[DATA PROVIDED]
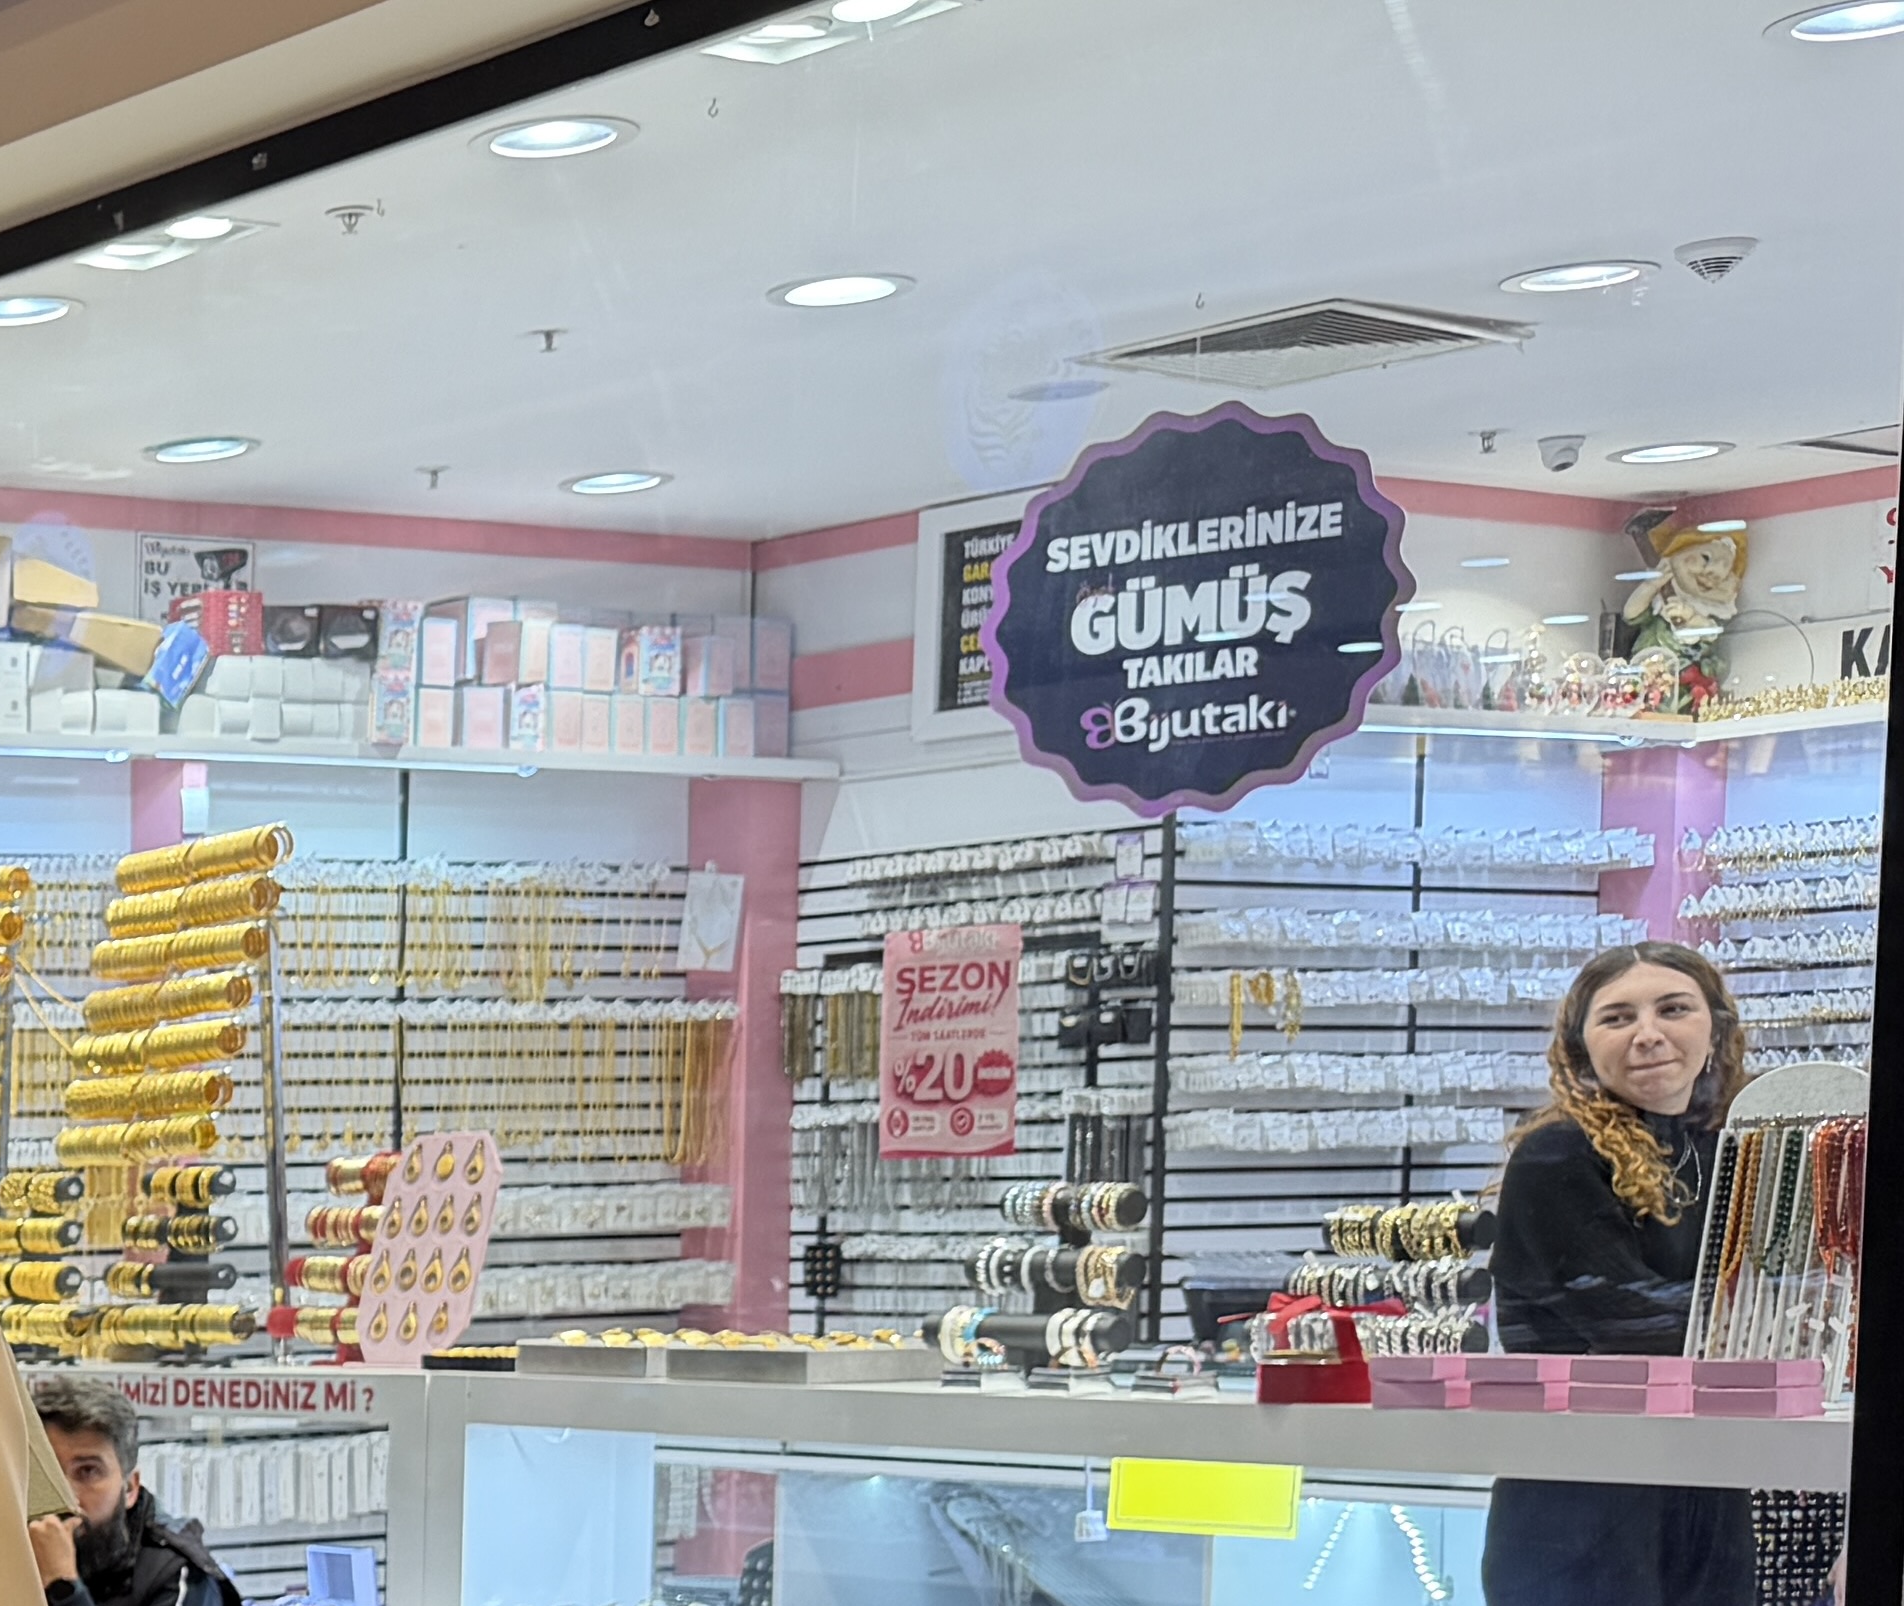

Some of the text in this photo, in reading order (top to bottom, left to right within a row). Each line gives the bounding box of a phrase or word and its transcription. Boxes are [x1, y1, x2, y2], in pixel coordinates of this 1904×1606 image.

[1045, 500, 1344, 574] SEVDİKLERİNİZE
[1070, 563, 1312, 656] GÜMÜŞ
[1122, 646, 1259, 690] TAKILAR
[895, 960, 1012, 996] SEZON
[894, 1046, 974, 1102] %20
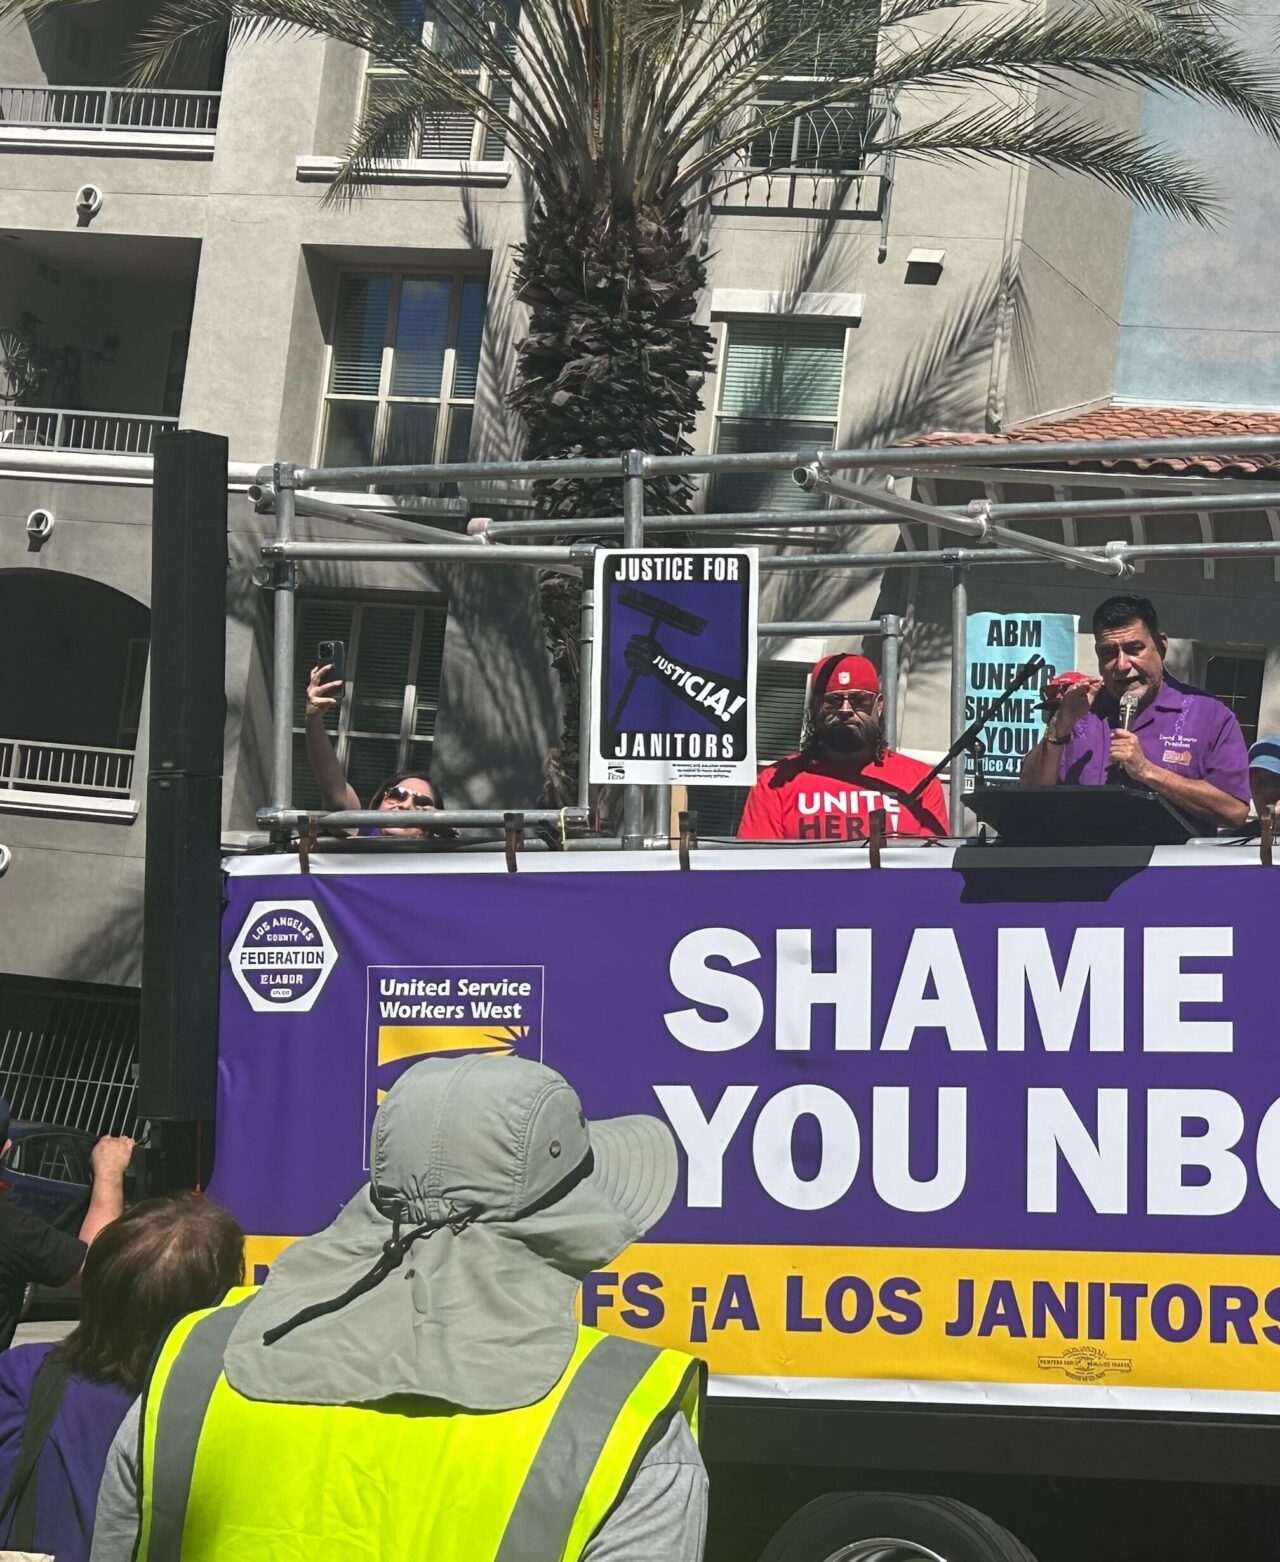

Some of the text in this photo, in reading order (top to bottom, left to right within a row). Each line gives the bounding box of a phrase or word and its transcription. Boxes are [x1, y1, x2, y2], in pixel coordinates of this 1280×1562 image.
[/DATA PROVIDED]
→ PROBLEM TO SOLVE:
Repeat the records in full, precisely, and keep the pictures out.

→ SOLUTION TO THE PROBLEM:
Some of the text in this photo, in reading order (top to bottom, left to right within a row). Each line gives the bounding box of a phrase or word and its transcription. Boxes are [x1, y1, x2, y2], in pixel coordinates of this 1904×1606 image.

[1045, 500, 1344, 574] SEVDİKLERİNİZE
[1070, 563, 1312, 656] GÜMÜŞ
[1122, 646, 1259, 690] TAKILAR
[895, 960, 1012, 996] SEZON
[894, 1046, 974, 1102] %20

Some of the text in this photo, in reading order (top to bottom, left to right within a row). Each line gives the bounding box of a phrase or word and its transcription. Boxes are [x1, y1, x2, y2], in pixel coordinates of this 1280×1562 image.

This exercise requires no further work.